▶ [Aim of the task]:
Without any images, output the records below verbatim.

▶ [Source records]:
-----
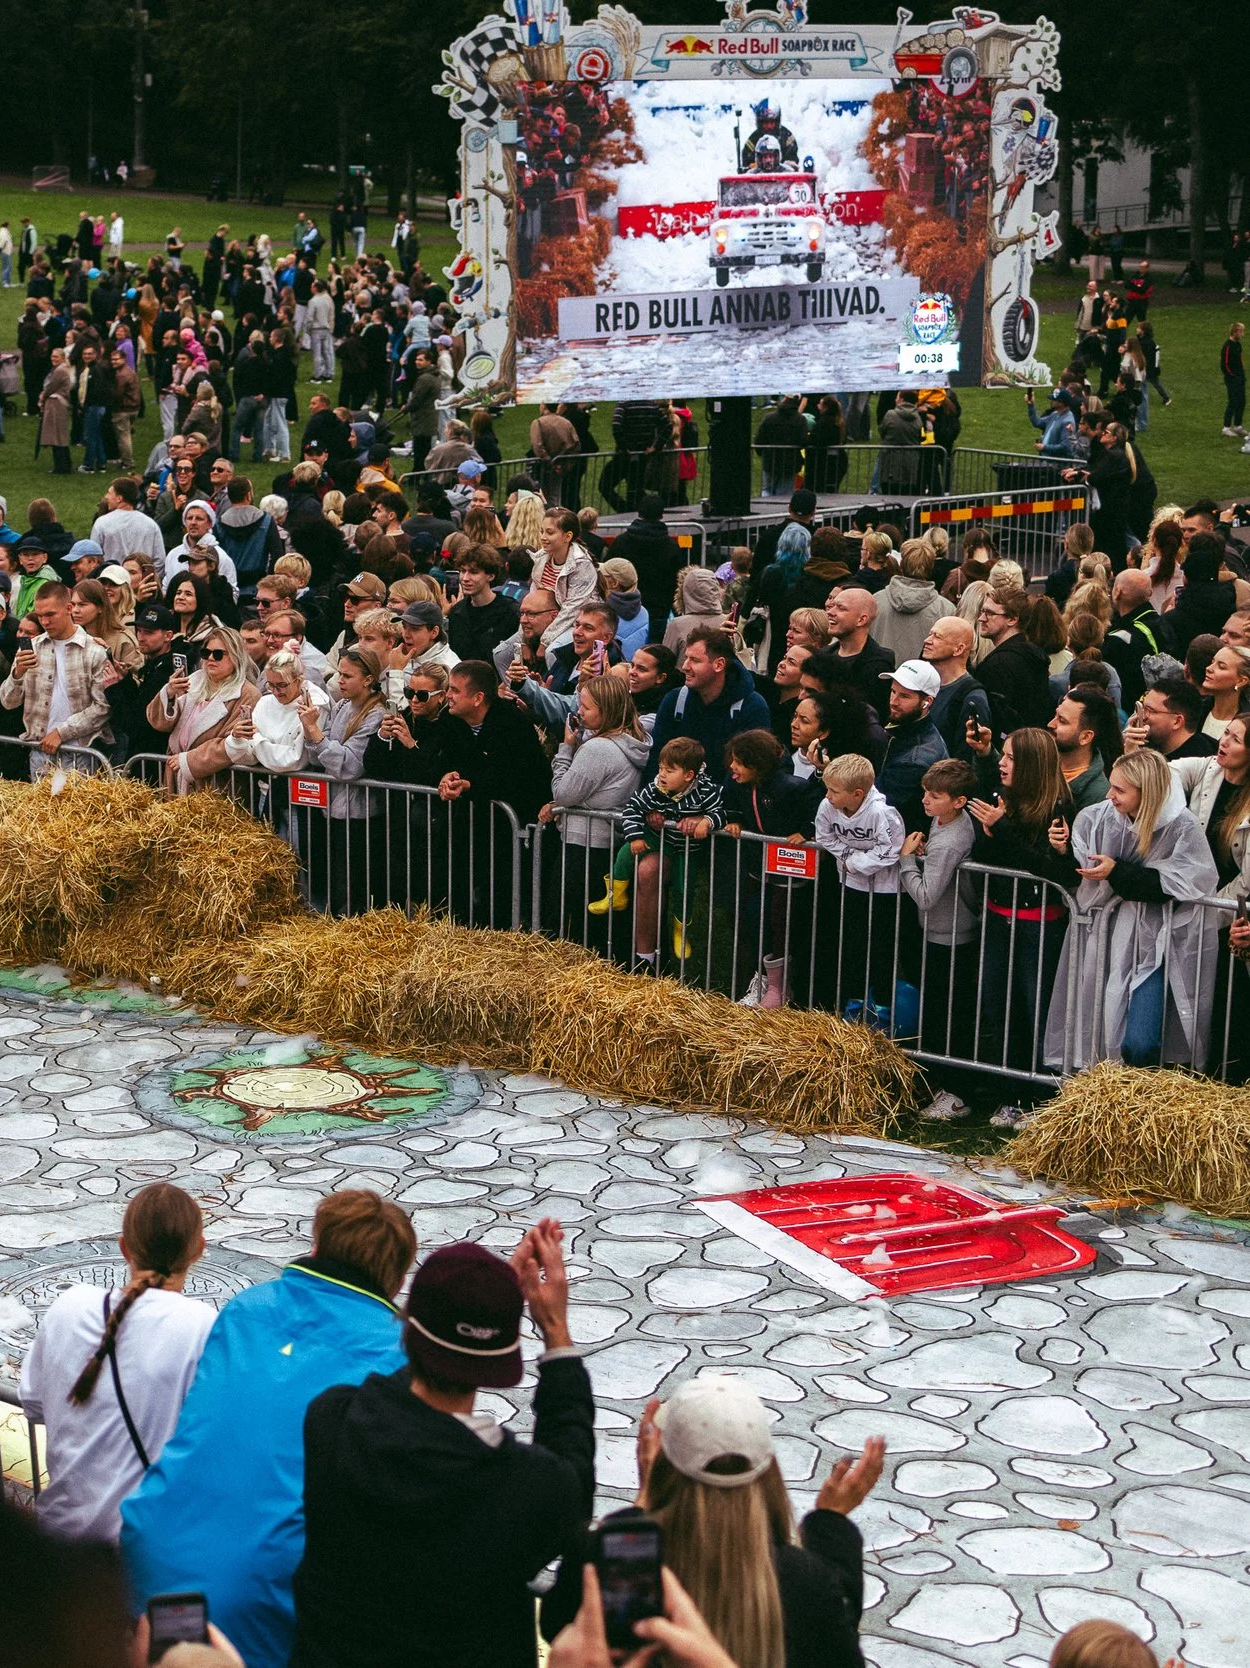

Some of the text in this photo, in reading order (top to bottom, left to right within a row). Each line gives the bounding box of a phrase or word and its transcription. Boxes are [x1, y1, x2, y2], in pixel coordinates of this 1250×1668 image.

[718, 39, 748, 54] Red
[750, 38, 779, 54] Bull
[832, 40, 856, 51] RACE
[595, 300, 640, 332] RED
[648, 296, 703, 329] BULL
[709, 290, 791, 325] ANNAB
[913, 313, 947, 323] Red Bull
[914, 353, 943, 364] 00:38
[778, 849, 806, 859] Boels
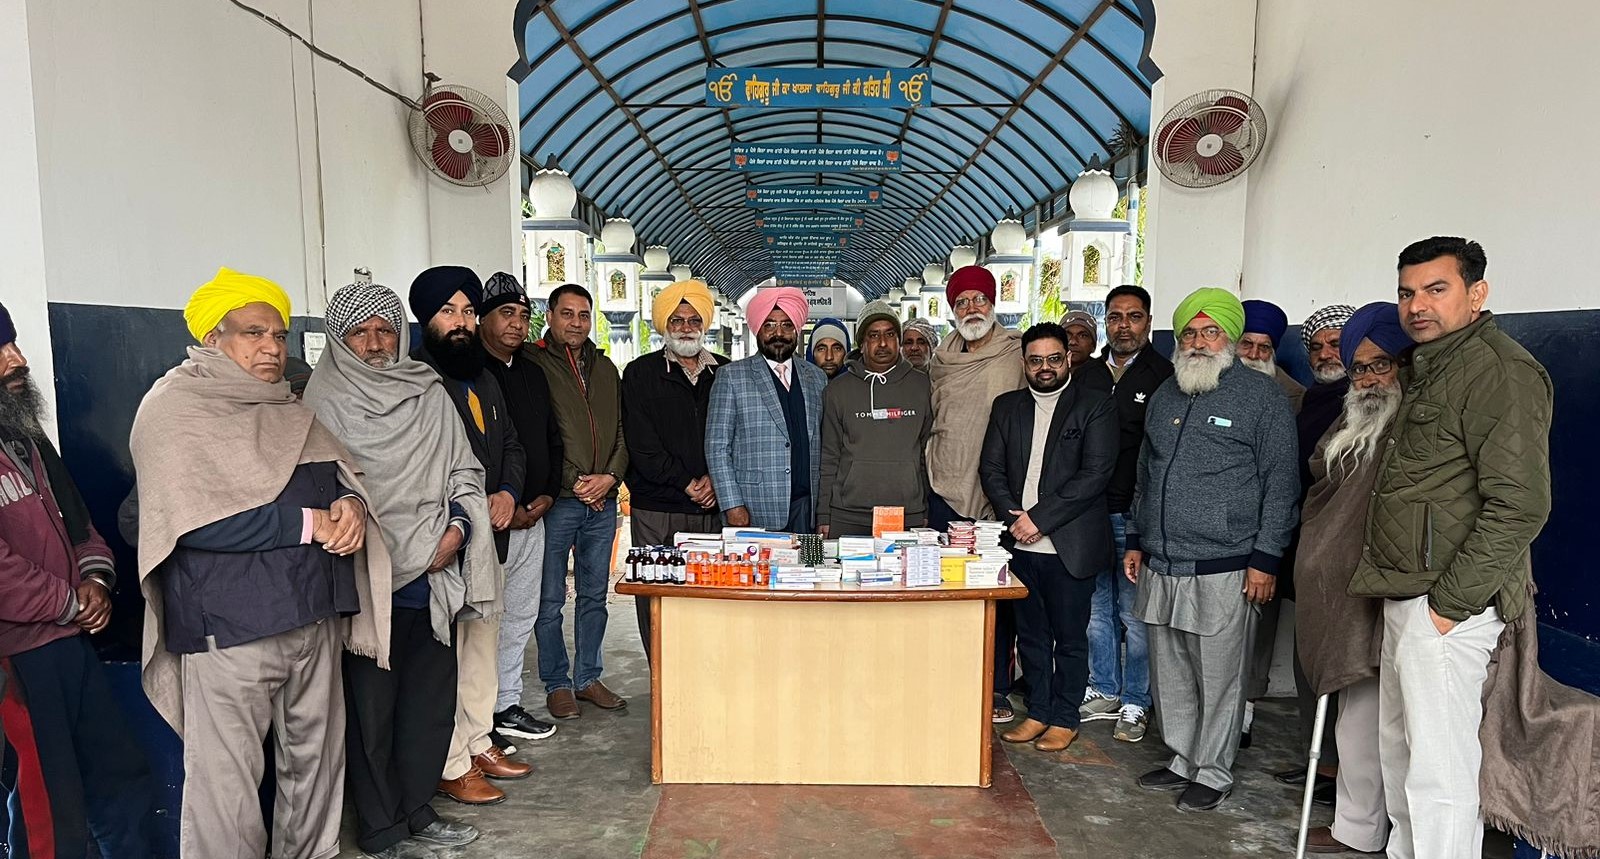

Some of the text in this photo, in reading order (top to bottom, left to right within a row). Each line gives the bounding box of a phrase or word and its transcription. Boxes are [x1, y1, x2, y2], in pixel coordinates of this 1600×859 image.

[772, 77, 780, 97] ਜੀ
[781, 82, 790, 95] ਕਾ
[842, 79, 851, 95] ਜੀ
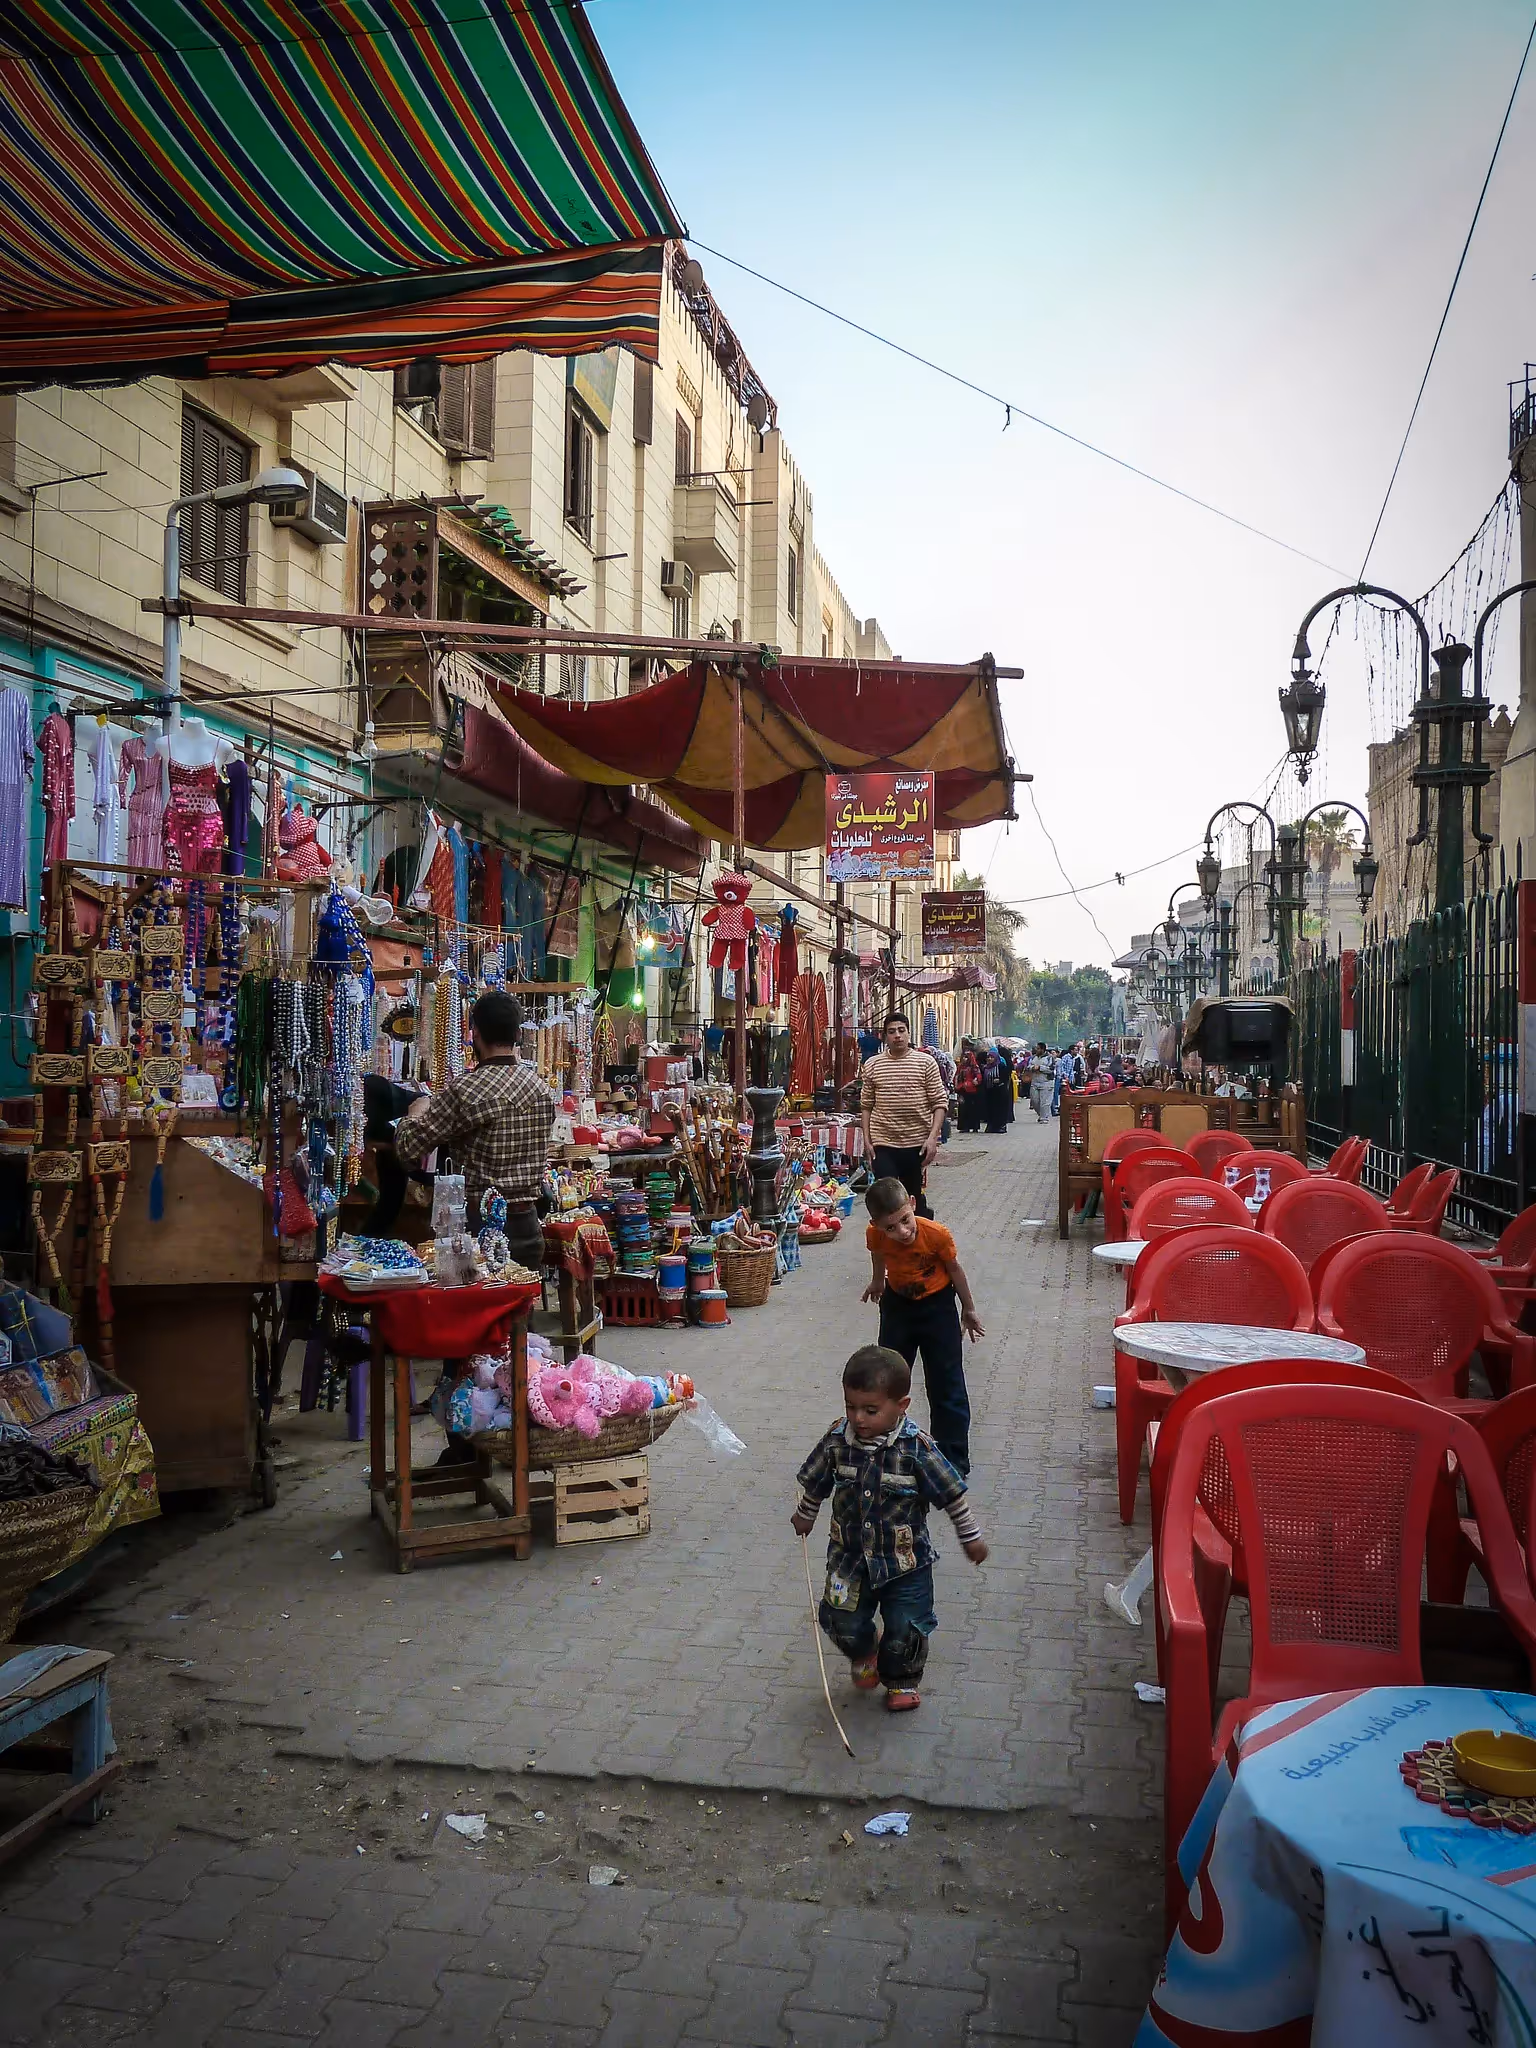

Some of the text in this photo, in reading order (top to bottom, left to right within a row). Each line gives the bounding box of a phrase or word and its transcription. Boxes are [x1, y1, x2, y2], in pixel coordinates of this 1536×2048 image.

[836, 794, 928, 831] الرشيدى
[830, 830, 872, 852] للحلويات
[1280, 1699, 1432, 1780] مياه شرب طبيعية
-----
▶ [Output for this task]:
Some of the text in this photo, in reading order (top to bottom, left to right within a row). Each line gives the bounding box of a phrase or word and its transcription. Boxes are [x1, y1, x2, y2], in pixel coordinates of this 1250×1668 image.

[718, 39, 748, 54] Red
[750, 38, 779, 54] Bull
[832, 40, 856, 51] RACE
[595, 300, 640, 332] RED
[648, 296, 703, 329] BULL
[709, 290, 791, 325] ANNAB
[913, 313, 947, 323] Red Bull
[914, 353, 943, 364] 00:38
[778, 849, 806, 859] Boels

Some of the text in this photo, in reading order (top to bottom, left to right within a row). Each line gives the bounding box of a phrase or word and its transcription. Boxes are [x1, y1, x2, y2], in pixel coordinates of this 1600×859 image.

[772, 77, 780, 97] ਜੀ
[781, 82, 790, 95] ਕਾ
[842, 79, 851, 95] ਜੀ

Some of the text in this photo, in reading order (top to bottom, left to right within a row). Each line gives the bounding box of a phrase or word and its transcription. Boxes are [x1, y1, x2, y2], in pixel coordinates of this 1536×2048 image.

[836, 794, 928, 831] الرشيدى
[830, 830, 872, 852] للحلويات
[1280, 1699, 1432, 1780] مياه شرب طبيعية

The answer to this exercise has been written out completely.